== WORK TO BE COMPLETED ==
Give back the records in their entirety, exactly.

== AVAILABLE DATA ==

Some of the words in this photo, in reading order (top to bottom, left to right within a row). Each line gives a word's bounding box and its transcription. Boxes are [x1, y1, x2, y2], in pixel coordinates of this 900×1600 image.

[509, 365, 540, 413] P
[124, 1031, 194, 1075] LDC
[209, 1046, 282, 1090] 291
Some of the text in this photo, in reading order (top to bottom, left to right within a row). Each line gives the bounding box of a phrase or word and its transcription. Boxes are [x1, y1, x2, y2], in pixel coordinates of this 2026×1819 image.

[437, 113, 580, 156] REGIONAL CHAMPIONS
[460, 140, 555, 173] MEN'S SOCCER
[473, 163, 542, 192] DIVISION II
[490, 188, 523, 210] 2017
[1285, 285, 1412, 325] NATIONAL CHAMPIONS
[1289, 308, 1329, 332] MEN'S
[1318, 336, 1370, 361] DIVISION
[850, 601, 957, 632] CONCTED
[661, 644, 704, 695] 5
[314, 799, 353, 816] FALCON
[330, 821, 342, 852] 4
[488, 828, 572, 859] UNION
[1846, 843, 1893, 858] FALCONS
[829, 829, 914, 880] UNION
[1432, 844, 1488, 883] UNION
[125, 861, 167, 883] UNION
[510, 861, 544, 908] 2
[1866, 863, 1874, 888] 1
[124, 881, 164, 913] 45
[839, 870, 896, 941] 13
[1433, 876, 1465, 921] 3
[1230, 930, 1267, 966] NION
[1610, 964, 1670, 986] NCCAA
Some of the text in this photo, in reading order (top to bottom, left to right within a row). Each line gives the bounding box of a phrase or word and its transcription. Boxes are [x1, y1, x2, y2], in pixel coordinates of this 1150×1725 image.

== SOLUTION FOR THIS TASK ==
Some of the words in this photo, in reading order (top to bottom, left to right within a row). Each line gives a word's bounding box and its transcription. Boxes are [x1, y1, x2, y2], in pixel coordinates of this 900×1600 image.

[509, 365, 540, 413] P
[124, 1031, 194, 1075] LDC
[209, 1046, 282, 1090] 291
Some of the text in this photo, in reading order (top to bottom, left to right within a row). Each line gives the bounding box of a phrase or word and its transcription. Boxes are [x1, y1, x2, y2], in pixel coordinates of this 2026×1819 image.

[437, 113, 580, 156] REGIONAL CHAMPIONS
[460, 140, 555, 173] MEN'S SOCCER
[473, 163, 542, 192] DIVISION II
[490, 188, 523, 210] 2017
[1285, 285, 1412, 325] NATIONAL CHAMPIONS
[1289, 308, 1329, 332] MEN'S
[1318, 336, 1370, 361] DIVISION
[850, 601, 957, 632] CONCTED
[661, 644, 704, 695] 5
[314, 799, 353, 816] FALCON
[330, 821, 342, 852] 4
[488, 828, 572, 859] UNION
[1846, 843, 1893, 858] FALCONS
[829, 829, 914, 880] UNION
[1432, 844, 1488, 883] UNION
[125, 861, 167, 883] UNION
[510, 861, 544, 908] 2
[1866, 863, 1874, 888] 1
[124, 881, 164, 913] 45
[839, 870, 896, 941] 13
[1433, 876, 1465, 921] 3
[1230, 930, 1267, 966] NION
[1610, 964, 1670, 986] NCCAA
Some of the text in this photo, in reading order (top to bottom, left to right within a row). Each line gives the bounding box of a phrase or word and its transcription. Boxes are [x1, y1, x2, y2], in pixel coordinates of this 1150×1725 image.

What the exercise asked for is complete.